Covid-19
Mesmo sem aval da Anvisa, Comitê Científico do Consórcio Nordeste indica importação da Sputnik V
27/04/2021 12:35
Suetoni Souto Maior
Governadores do Nordeste vêm criticando obstáculos criados pela Anvisa. Foto: Divulgação/Secom-CE

O Comitê Científico do Consórcio Nordeste recomendou, nesta segunda-feira (26/04), a importação da Sputnik V, vacina russa contra covid-19, para o Brasil. A indicação ocorre no momento em que a Agência Nacional de Vigilância Sanitária (Anvisa) negou a liberação do imunizante para o país. A decisão do órgão federal foi duramente criticada por vários governadores nordestinos, pelo fato de o imunizante ter sido aprovado em 61 países.

“Diante desta pandemia, não podemos deixar que entraves burocráticos prejudiquem o acesso da população a uma vacina que comprovou sua eficácia, segurança e com real garantia de disponibilidade, como a Sputnik-V, pelo esforço do Consórcio Interestadual de Desenvolvimento Sustentável do Nordeste”, diz o documento divulgado pelo Consórcio Nordeste.

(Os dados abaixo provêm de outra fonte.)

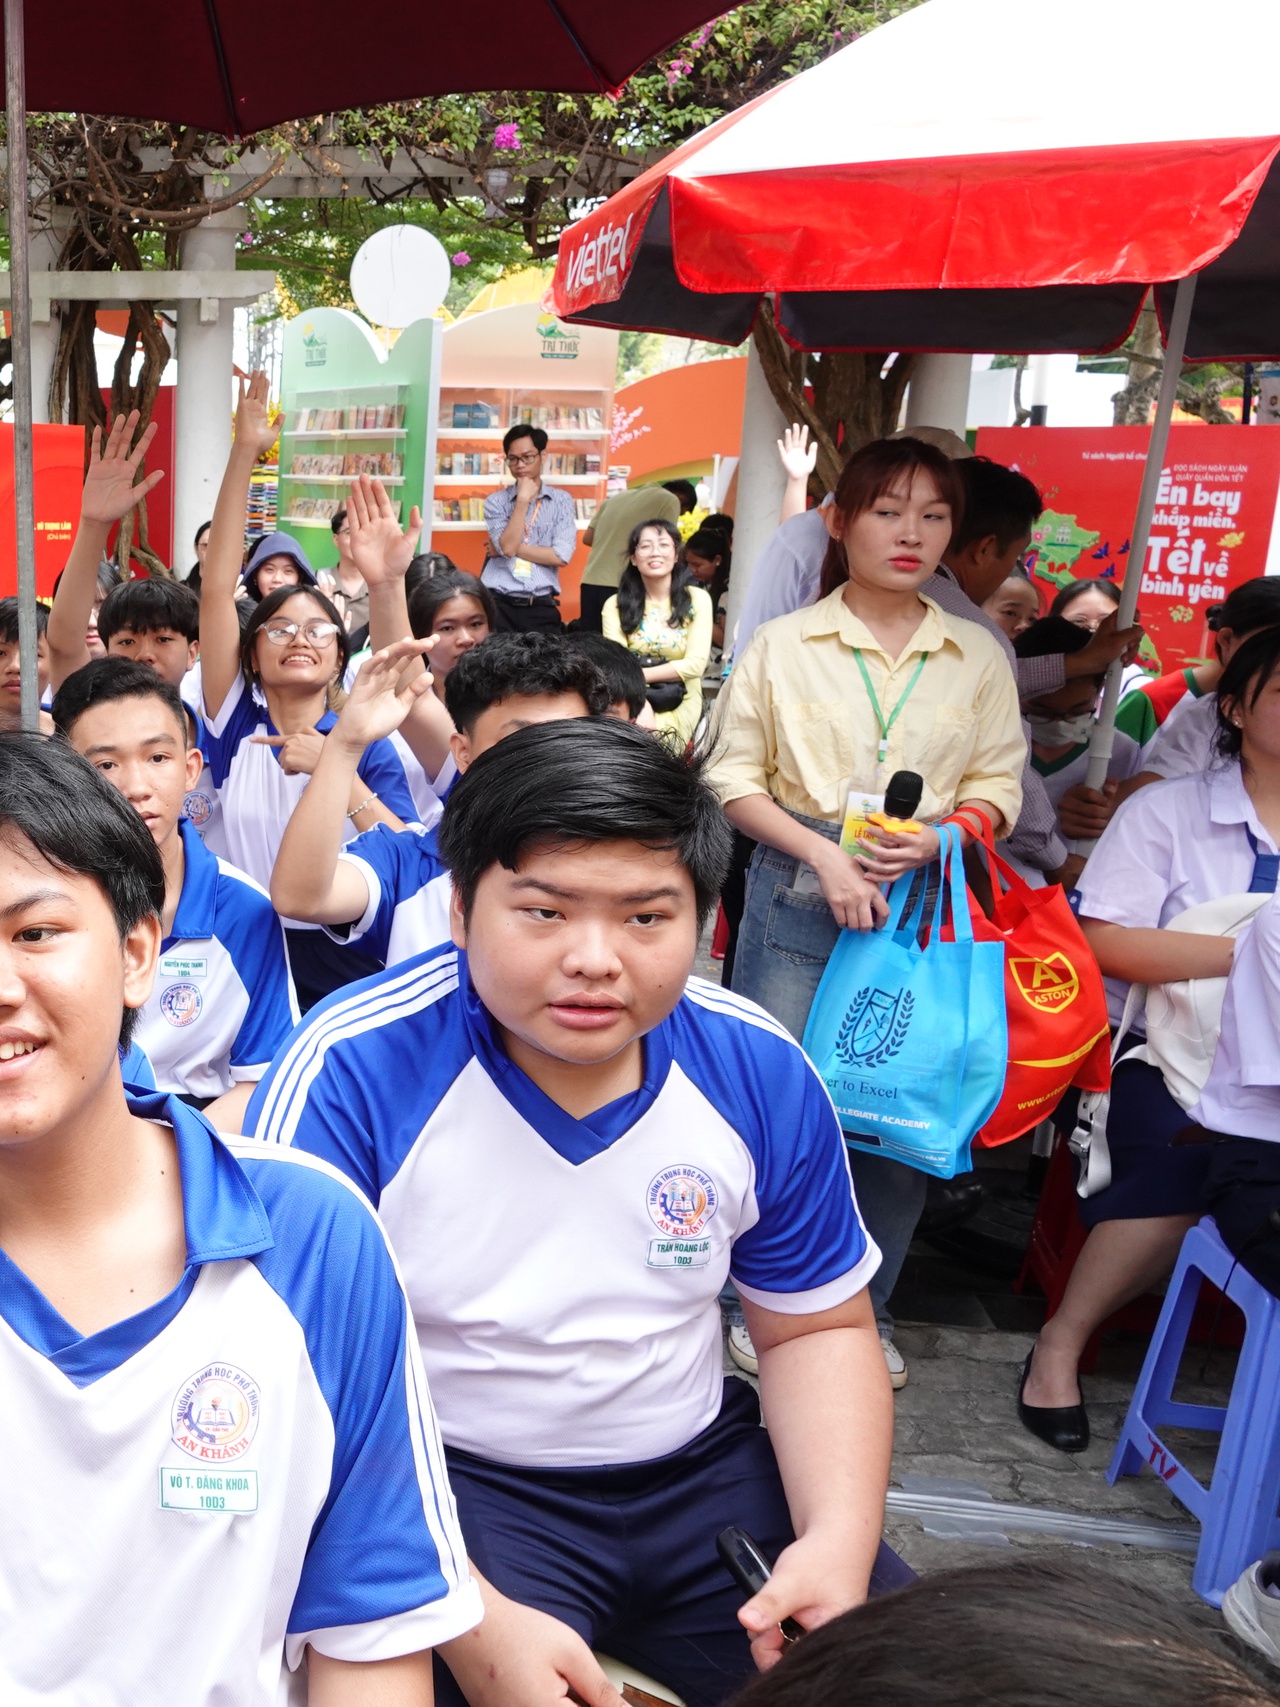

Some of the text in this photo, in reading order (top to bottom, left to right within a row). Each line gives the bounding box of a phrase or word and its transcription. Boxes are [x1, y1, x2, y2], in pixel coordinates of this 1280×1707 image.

[1155, 468, 1242, 515] Én bay
[1147, 528, 1229, 578] Tết về
[1140, 573, 1225, 604] bình yên
[1032, 962, 1063, 989] A
[1034, 989, 1071, 1005] ASTON
[842, 1080, 855, 1092] to
[859, 1081, 898, 1099] Excel
[1017, 1077, 1073, 1110] www.aston.
[833, 1105, 931, 1130] OLLEGIATE ACADEMY
[660, 1168, 681, 1182] TRUNG
[682, 1168, 696, 1178] HỌC
[657, 1218, 704, 1236] AN KHÁNH
[673, 1256, 692, 1265] 10D3
[177, 1435, 249, 1460] AN KHÁNH
[185, 1476, 194, 1489] T.
[225, 1478, 250, 1491] KHOA
[199, 1495, 226, 1509] 10D3
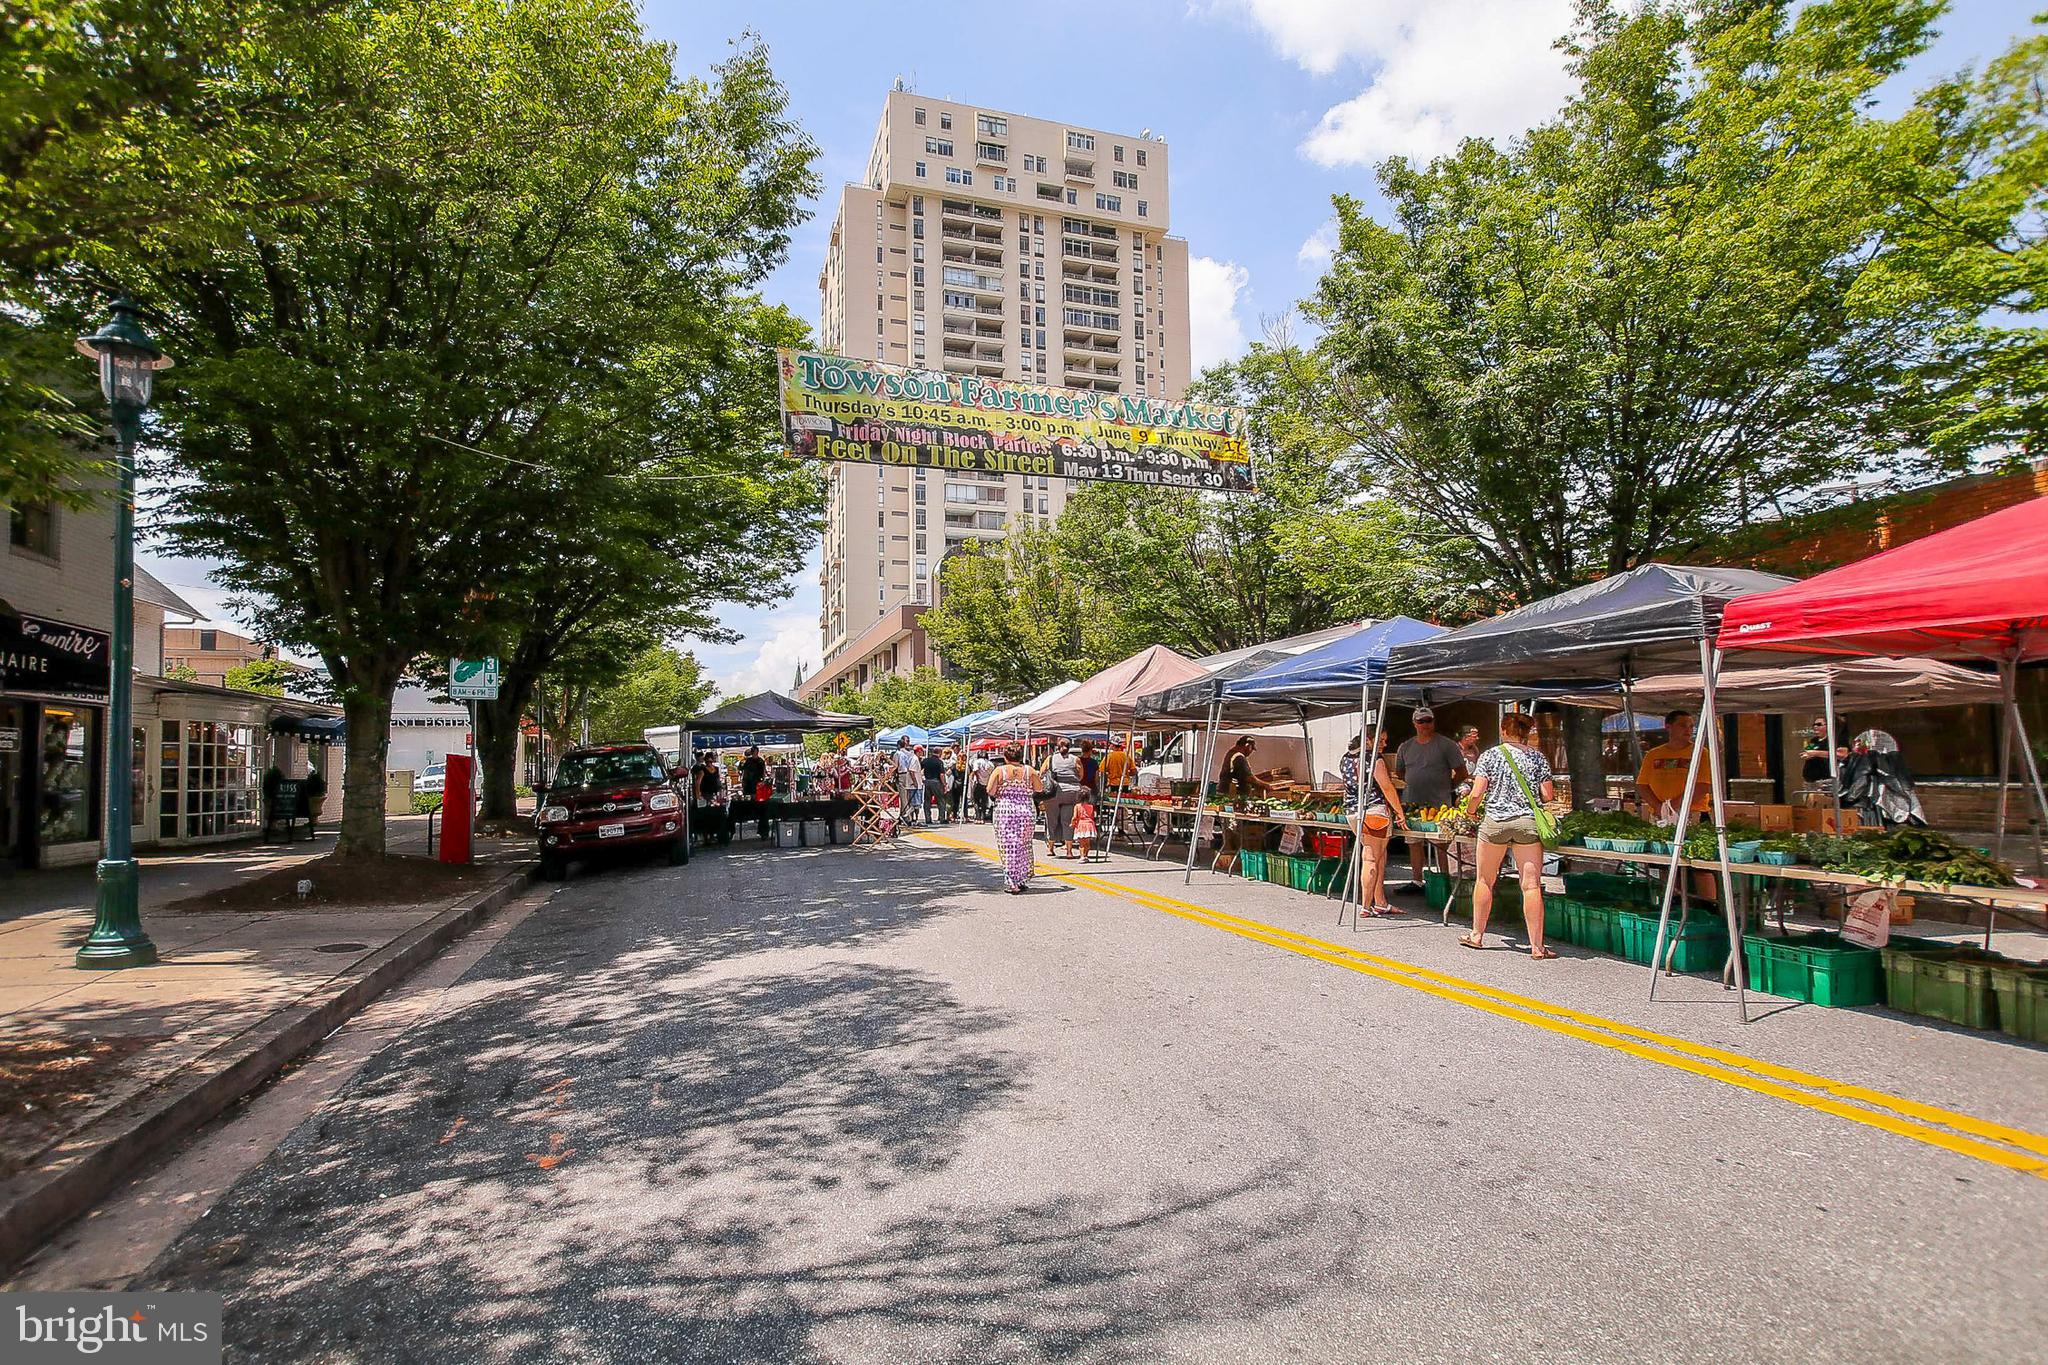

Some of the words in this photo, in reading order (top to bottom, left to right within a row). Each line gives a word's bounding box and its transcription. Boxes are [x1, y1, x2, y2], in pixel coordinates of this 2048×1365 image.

O presidente do Consórcio Nordeste levantou dúvidas sobre os motivos que levaram a Anvisa a negar a liberação do imunizante. Entre os motivos para a negativa, o órgão disse que há a “presença de adenovírus replicante na vacina”, o que seria “uma não-conformidade grave”. Os governadores do Nordeste firmaram contrato para a compra de 37 milhões de doses da Sputnik V.

Ao todo, 14 Estados já pediram autorização para comprar e distribuir a Sputink V: Acre, Alagoas, Amapá, Bahia, Ceará, Maranhão, Mato Grosso, Pará, Pernambuco, Piauí, Rio Grande do Norte, Rondônia, Sergipe e Tocantins. Também solicitaram autorização as cidades Maricá e Niterói, ambas no Rio de Janeiro.

O grupo pondera que estudos comprovam a eficácia da vacina. “Os estudos publicados de fase 2 da vacina Sputnik-V testaram duas formulações baseadas em dois subtipos do adenovírus e todos os participantes produziram anticorpos contra a glicoproteína do SARS-CoV-2, com uma taxa de soroconversão de 100% após 42 dias da aplicação”.

Com a negativa da Anvisa, a possibilidade levantada é que os gestores locais se valham da Lei 4.124/2021 (que facilita a compra, importação e uso de vacinas e medicamentos contra a covid-19) para recorrer à Justiça. A referida legislação prevê que vacinas aprovadas por determinadas agências internacionais podem entrar em uso no Brasil. Este é o caso da Sputnik V e a brecha é o principal argumento usado pelos governadores para pleitear a importação. De qualquer forma, a decisão de hoje impossibilita, por falta de tempo hábil, a inclusão da vacina no Programa Nacional de Imunização (PNI) ainda este mês.